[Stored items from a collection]
—————

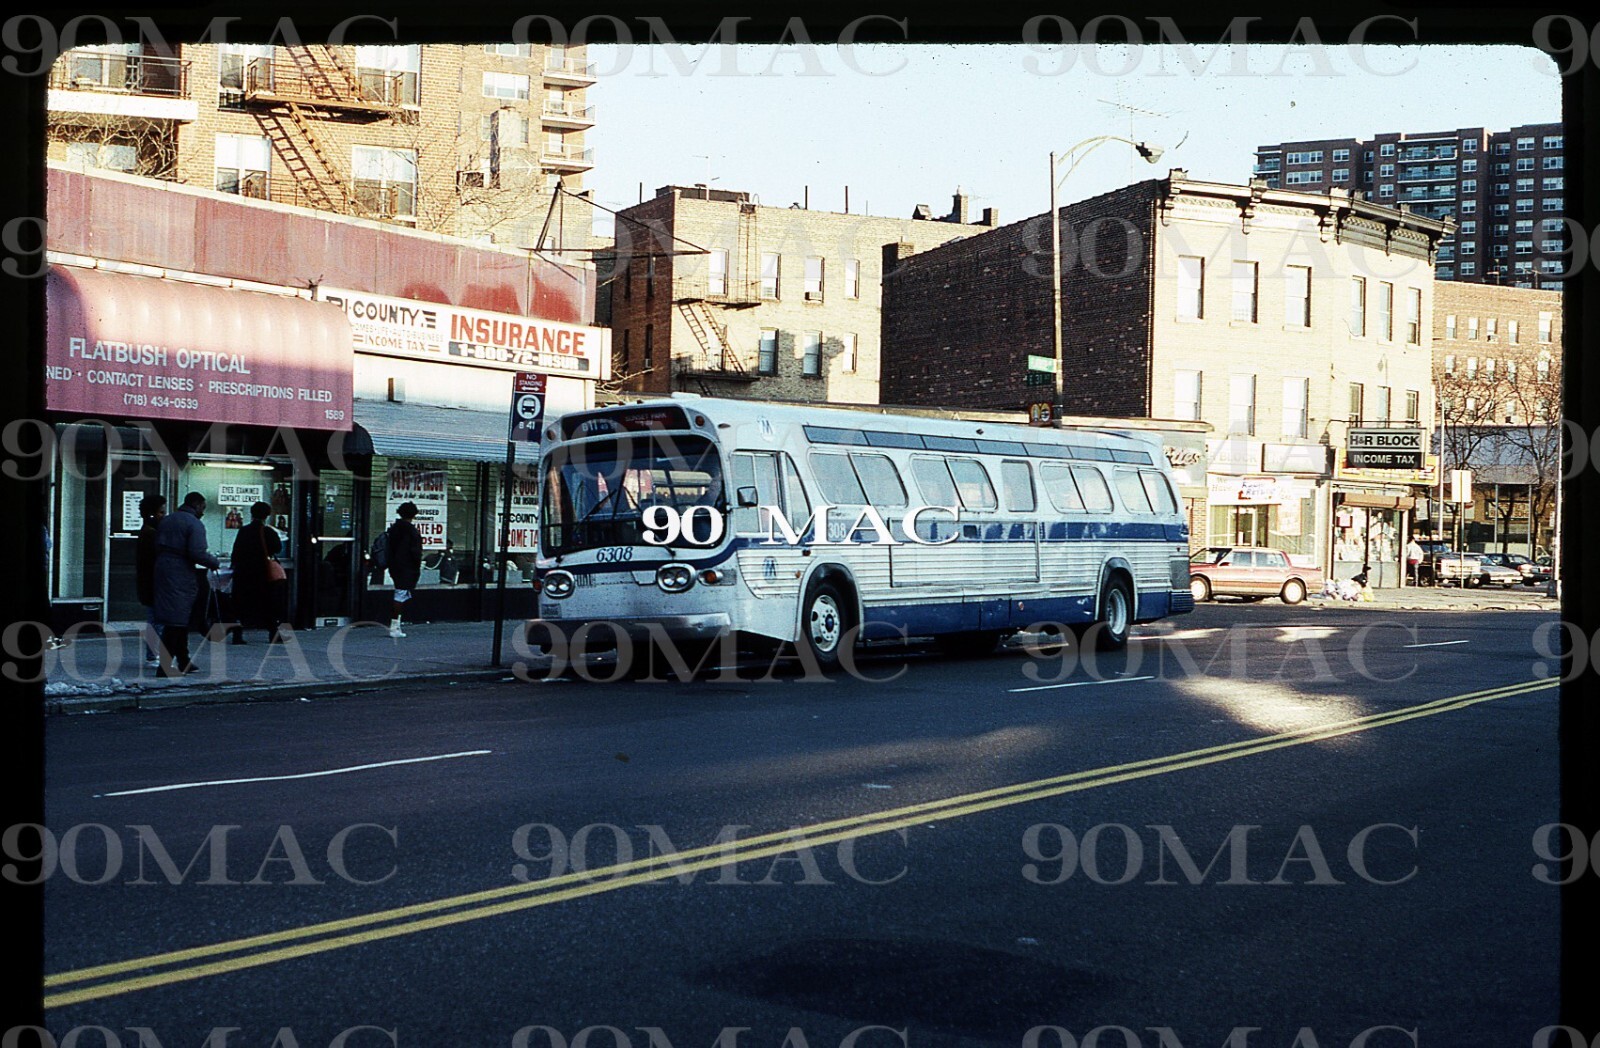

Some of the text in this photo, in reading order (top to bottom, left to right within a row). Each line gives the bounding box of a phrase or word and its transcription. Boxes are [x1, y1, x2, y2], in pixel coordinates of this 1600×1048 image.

[450, 314, 585, 356] INSURANCE
[364, 335, 425, 352] INCOME TAX
[69, 337, 250, 374] FLATBUSH OPTICAL
[87, 370, 144, 387] CONTACT
[148, 375, 194, 392] LENSES
[208, 381, 293, 400] PRESCRIPTIONS
[298, 387, 332, 402] FILLED
[123, 393, 198, 410] (718) 434-0539
[324, 409, 344, 420] 1589
[526, 421, 535, 430] 41
[1350, 434, 1420, 447] H&R BLOCK
[1353, 454, 1415, 465] INCOME TAX
[222, 486, 259, 494] EYES EXAMINED
[220, 494, 261, 503] CONTACT LENSES
[596, 545, 633, 562] 6308
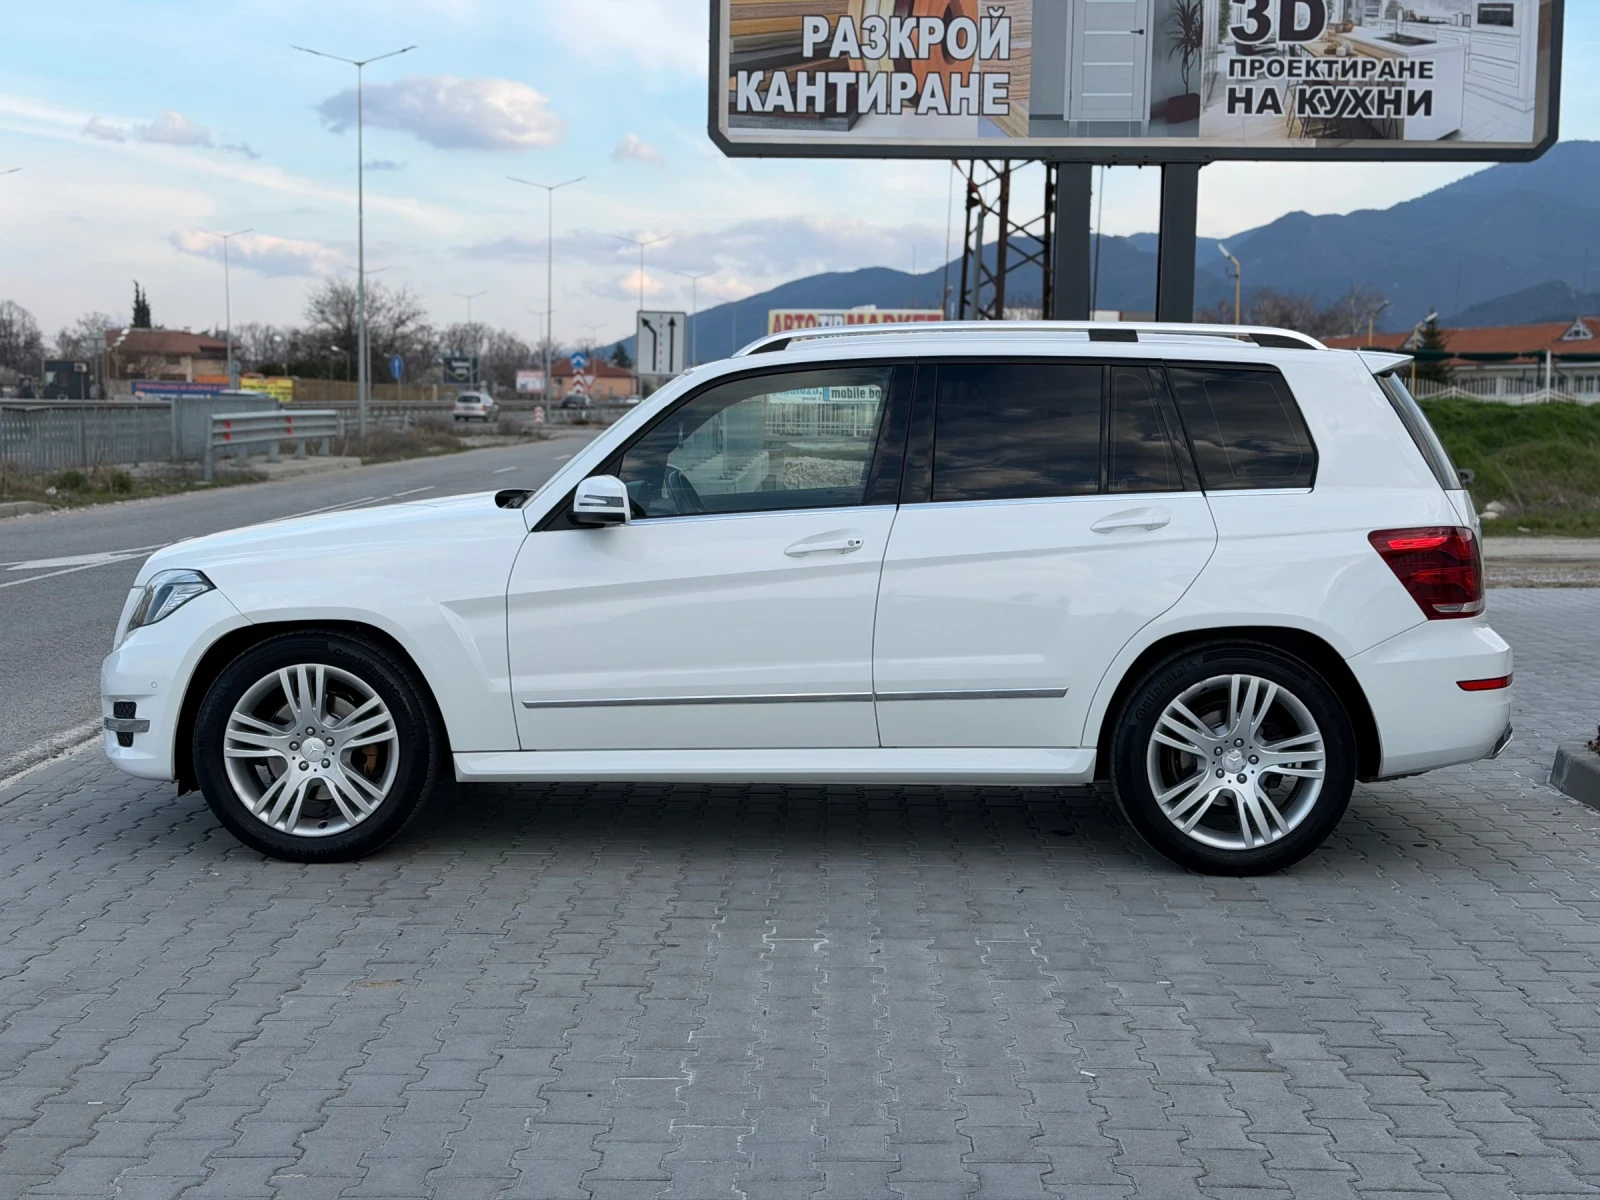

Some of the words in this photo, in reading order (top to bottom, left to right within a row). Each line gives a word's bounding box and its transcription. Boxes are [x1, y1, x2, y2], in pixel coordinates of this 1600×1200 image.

[802, 6, 1012, 60] РАЗКРОЙ
[1231, 0, 1325, 42] 3D
[1228, 59, 1434, 80] ПРОЕКТИРАНЕ
[736, 70, 1010, 116] КАНТИРАНЕ
[1226, 87, 1283, 115] НА
[1297, 88, 1433, 116] КУХНИ
[831, 387, 881, 399] mobile.bg
[1135, 664, 1187, 720] Continental

—————

(Work item)
Please set down the records above verbatim, with each picture left out.

(Task solution)
Some of the text in this photo, in reading order (top to bottom, left to right within a row). Each line gives the bounding box of a phrase or word and its transcription. Boxes are [x1, y1, x2, y2], in pixel coordinates of this 1600×1048 image.

[450, 314, 585, 356] INSURANCE
[364, 335, 425, 352] INCOME TAX
[69, 337, 250, 374] FLATBUSH OPTICAL
[87, 370, 144, 387] CONTACT
[148, 375, 194, 392] LENSES
[208, 381, 293, 400] PRESCRIPTIONS
[298, 387, 332, 402] FILLED
[123, 393, 198, 410] (718) 434-0539
[324, 409, 344, 420] 1589
[526, 421, 535, 430] 41
[1350, 434, 1420, 447] H&R BLOCK
[1353, 454, 1415, 465] INCOME TAX
[222, 486, 259, 494] EYES EXAMINED
[220, 494, 261, 503] CONTACT LENSES
[596, 545, 633, 562] 6308

Some of the words in this photo, in reading order (top to bottom, left to right within a row). Each line gives a word's bounding box and its transcription. Boxes are [x1, y1, x2, y2], in pixel coordinates of this 1600×1200 image.

[802, 6, 1012, 60] РАЗКРОЙ
[1231, 0, 1325, 42] 3D
[1228, 59, 1434, 80] ПРОЕКТИРАНЕ
[736, 70, 1010, 116] КАНТИРАНЕ
[1226, 87, 1283, 115] НА
[1297, 88, 1433, 116] КУХНИ
[831, 387, 881, 399] mobile.bg
[1135, 664, 1187, 720] Continental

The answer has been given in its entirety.